──────── INFORMATION GIVEN ────────
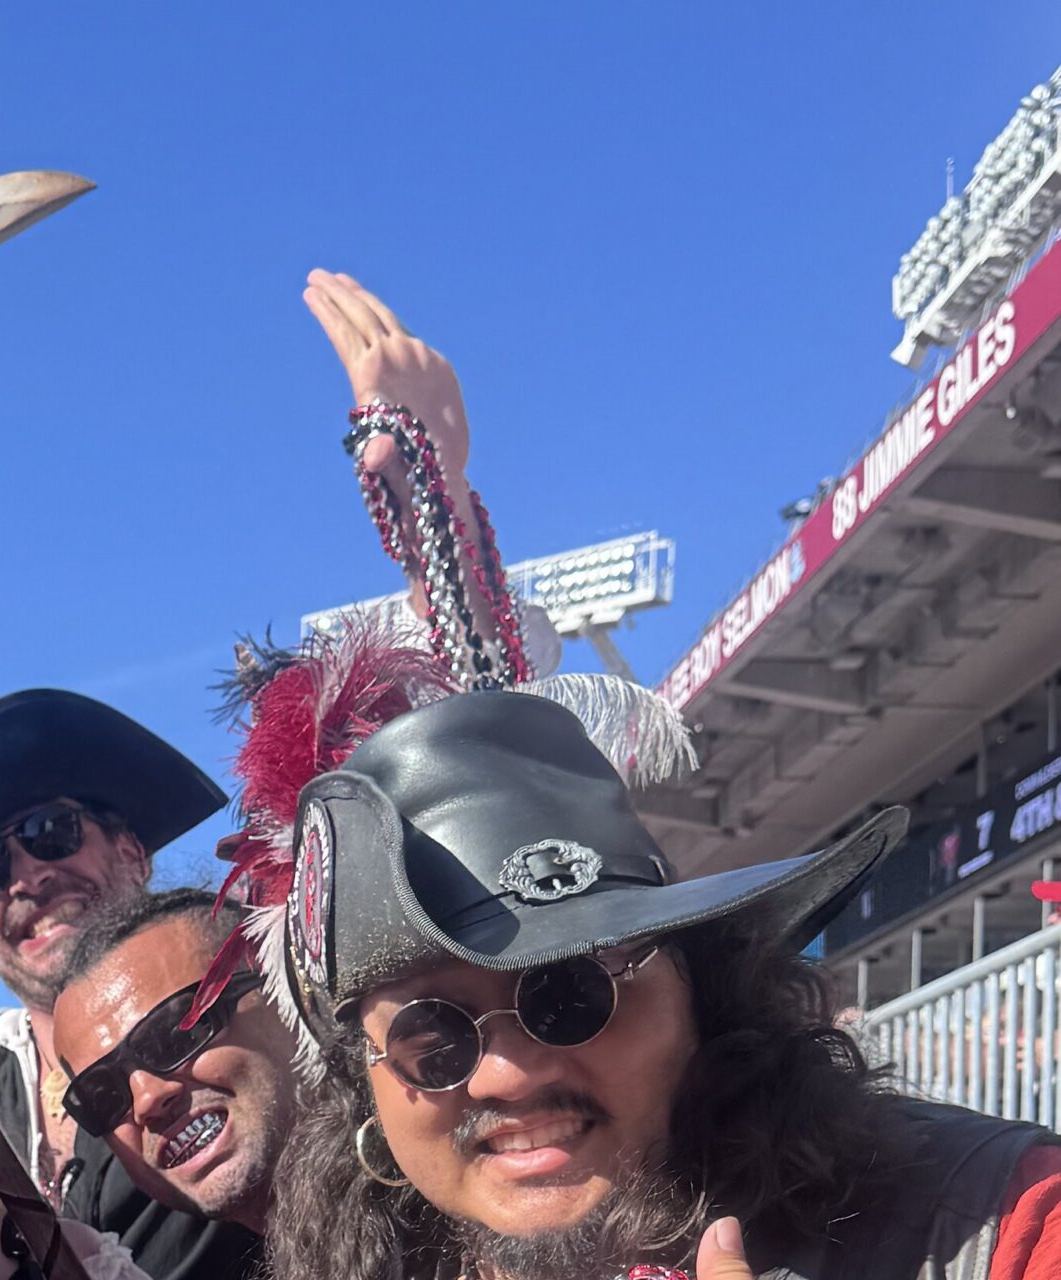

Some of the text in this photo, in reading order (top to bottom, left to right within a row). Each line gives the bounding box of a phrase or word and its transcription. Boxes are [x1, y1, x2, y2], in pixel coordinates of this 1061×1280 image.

[858, 386, 937, 513] JIMMIE
[937, 301, 1016, 426] GILES
[722, 547, 791, 658] SELMON
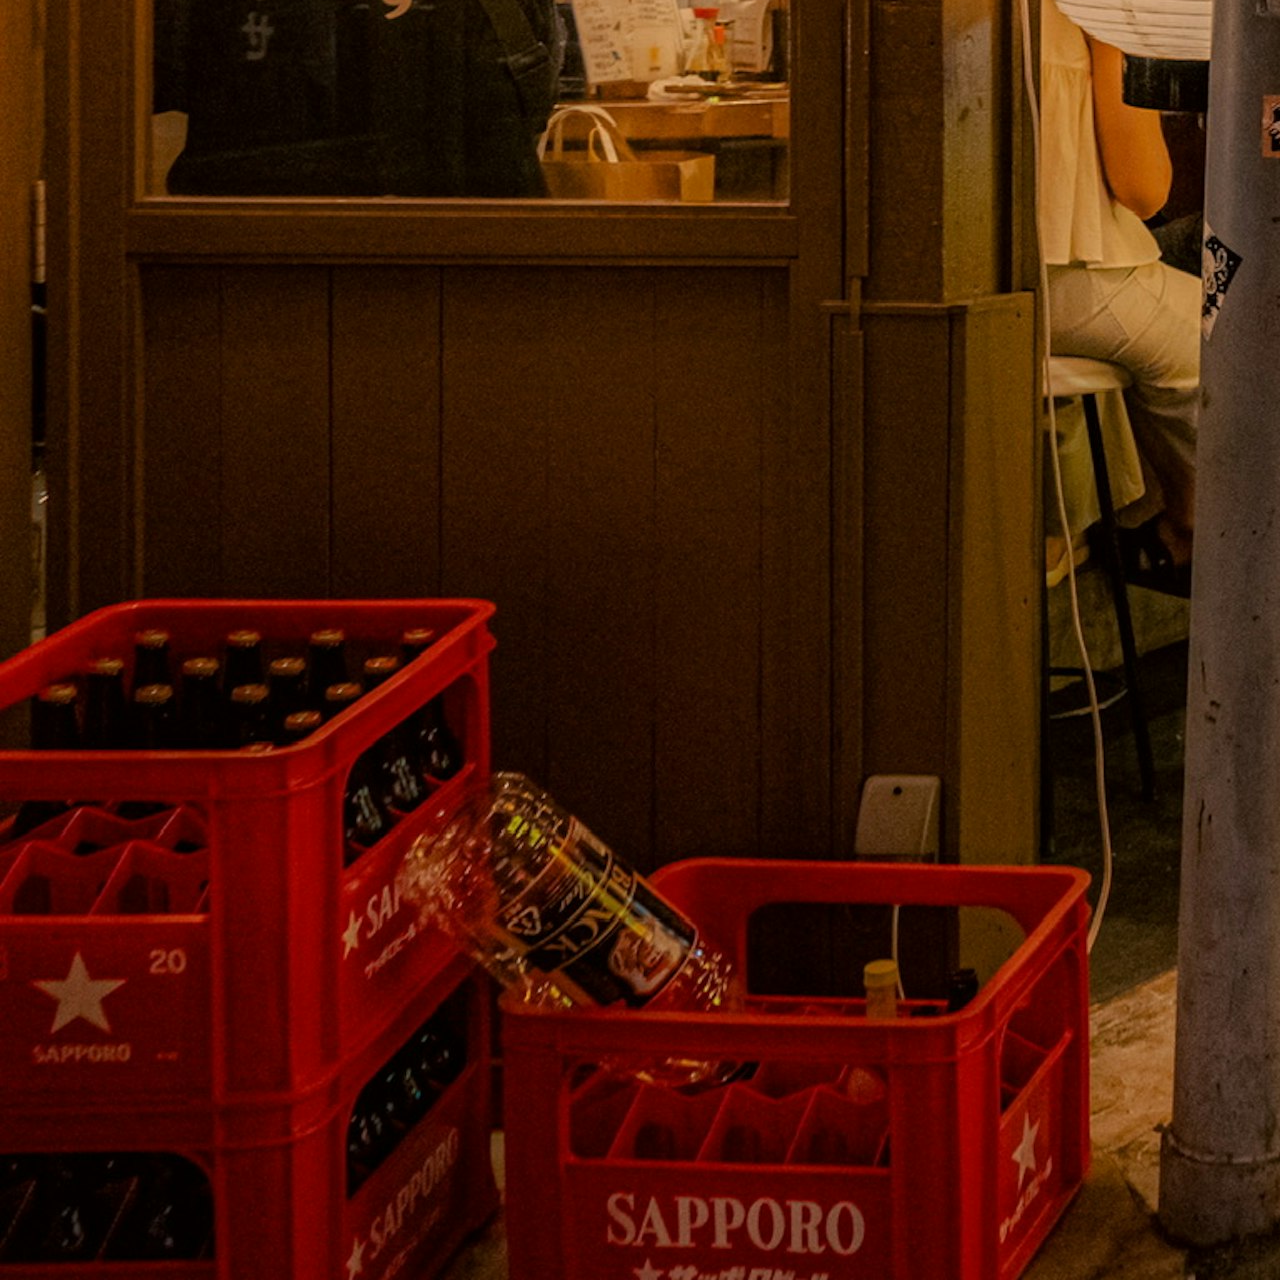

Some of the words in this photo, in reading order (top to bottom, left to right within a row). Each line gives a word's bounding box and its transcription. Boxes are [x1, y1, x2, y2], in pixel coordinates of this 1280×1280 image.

[149, 948, 187, 974] 20
[32, 1041, 133, 1064] SAPPORO
[370, 1126, 459, 1261] SAPPORO
[606, 1191, 865, 1256] SAPPORO
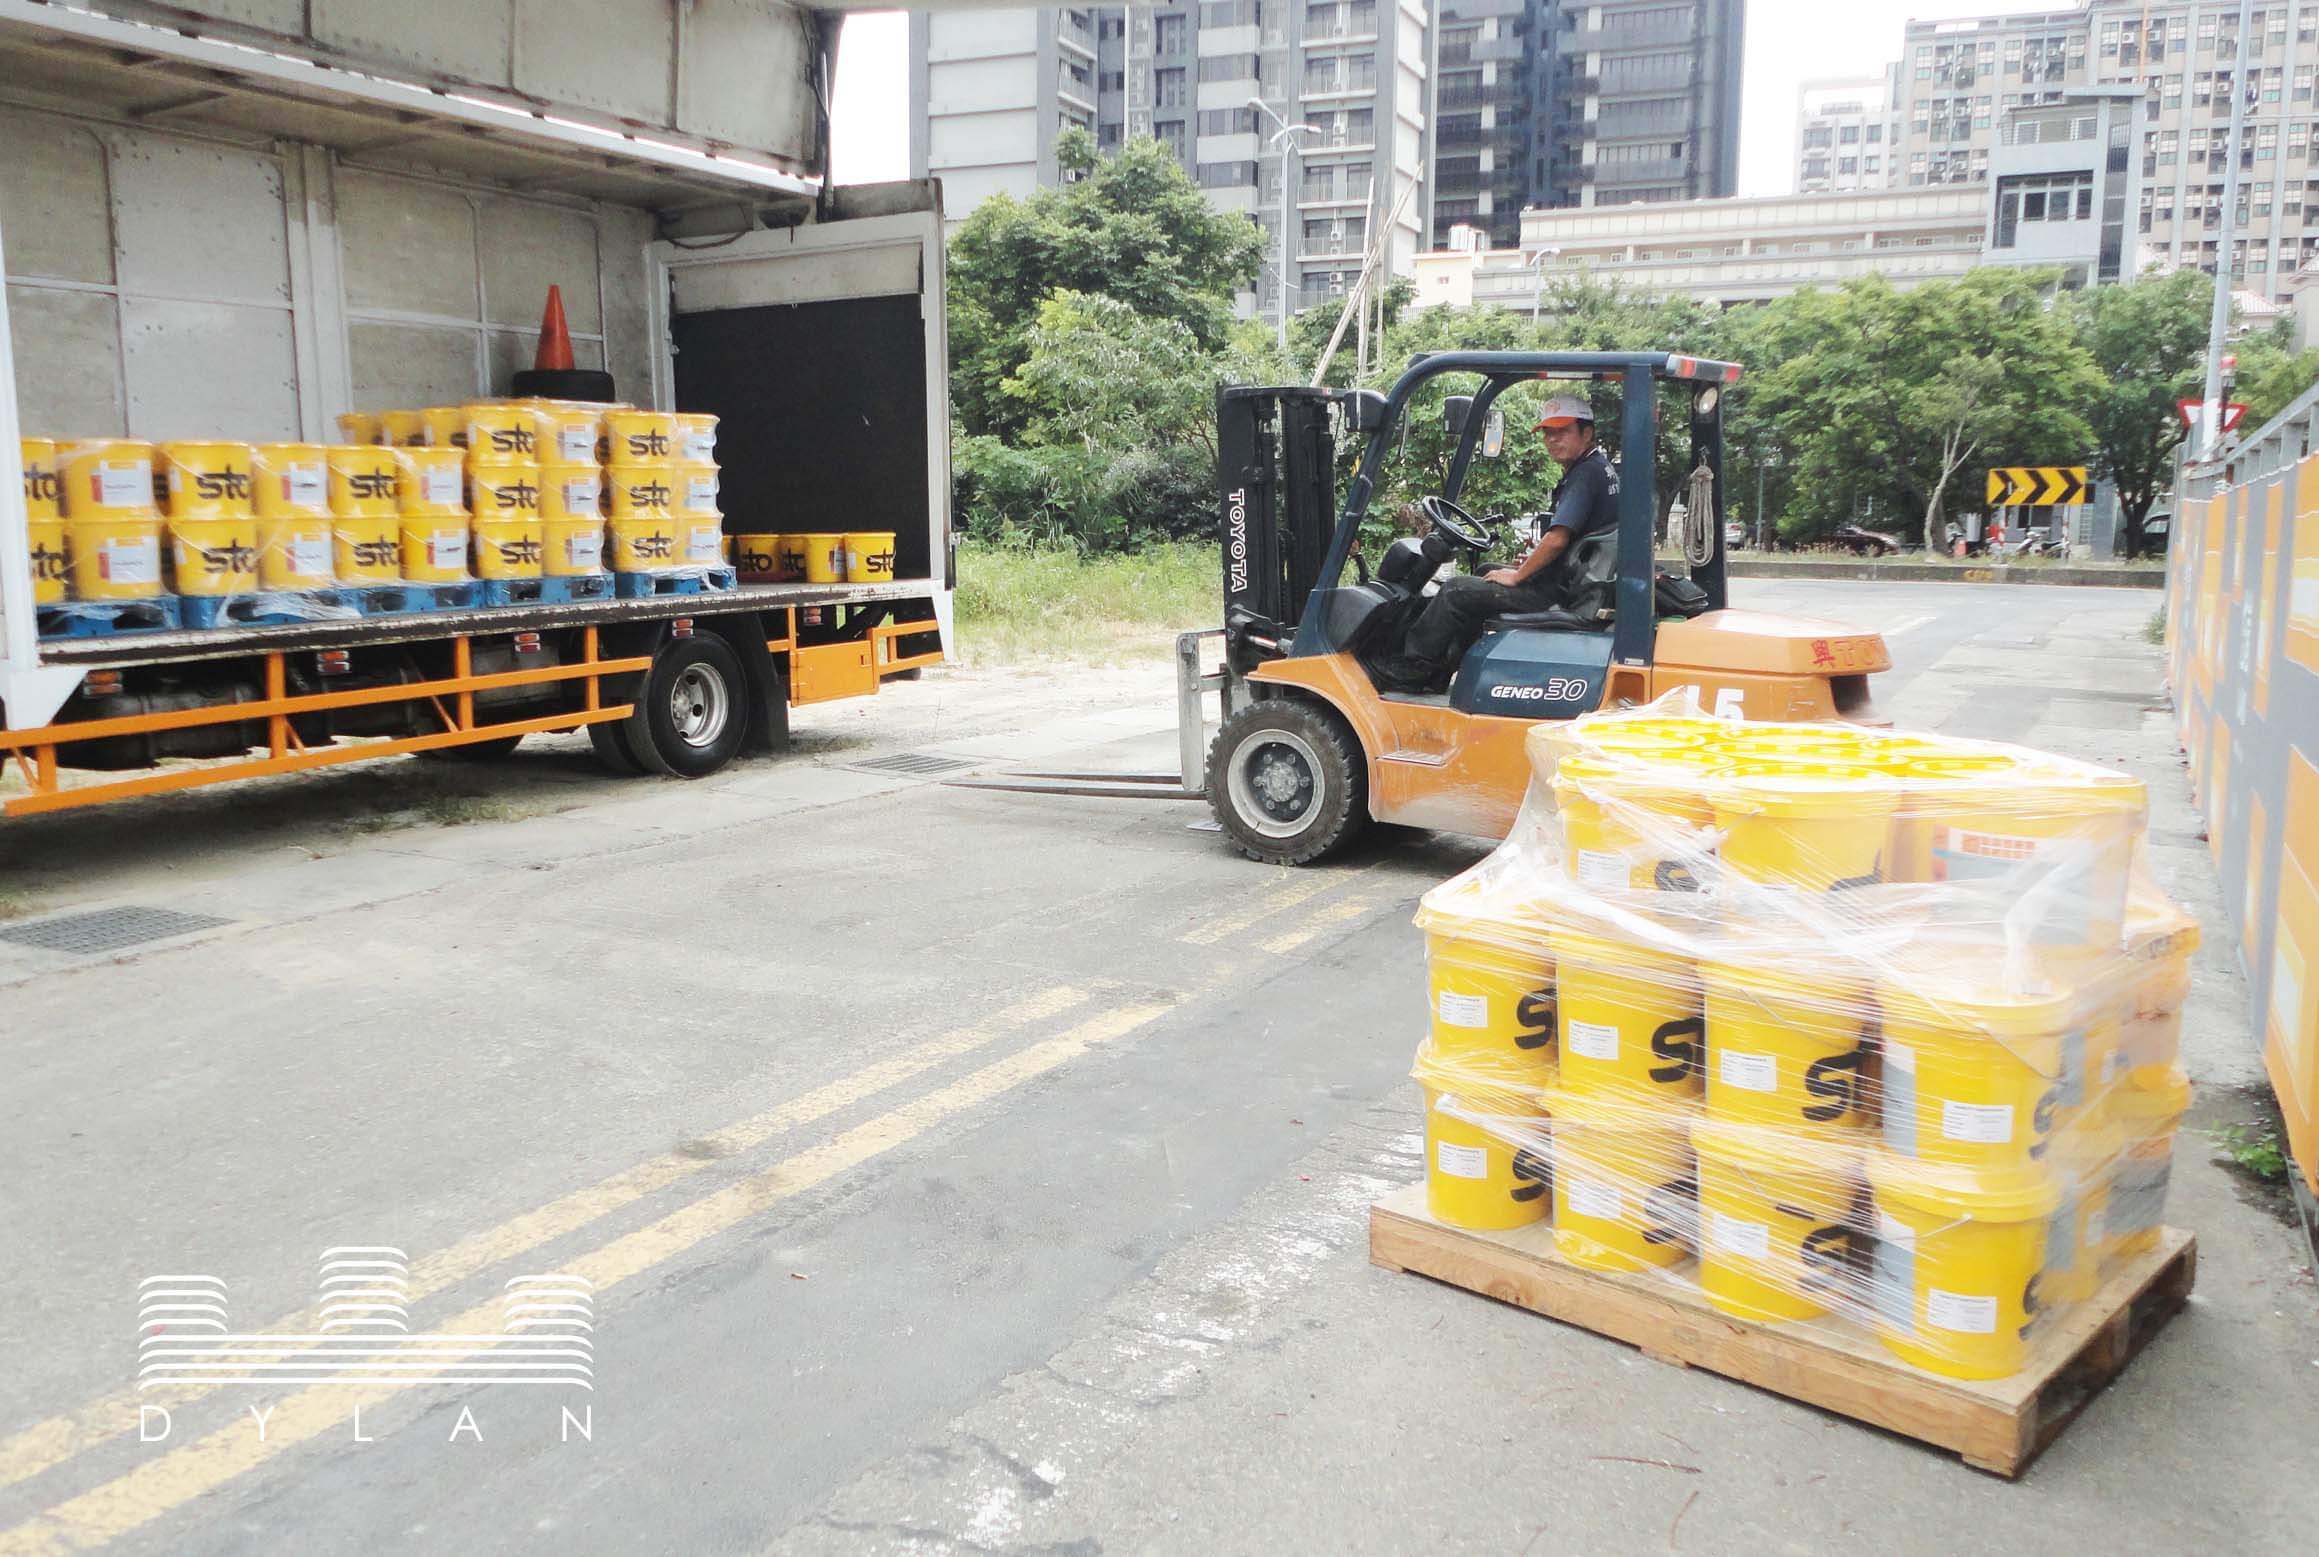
────────
Restate all entries exactly; pictures stay out.

> _SOLUTION TO THE PROBLEM_:
Some of the text in this photo, in reading order (top to bottom, left to right within a row). Each line gives the bounding box of a phrase or word and its transcription. Boxes are [x1, y1, x2, y2], in pixel coordinates of this 1061×1280 image.

[858, 386, 937, 513] JIMMIE
[937, 301, 1016, 426] GILES
[722, 547, 791, 658] SELMON

Some of the words in this photo, in reading order (top to bottom, left to right within a row). Each line gives a word's bounding box and its transcription. Boxes are [x1, y1, x2, y2], in pixel coordinates of this 1280×1280 image.

[149, 948, 187, 974] 20
[32, 1041, 133, 1064] SAPPORO
[370, 1126, 459, 1261] SAPPORO
[606, 1191, 865, 1256] SAPPORO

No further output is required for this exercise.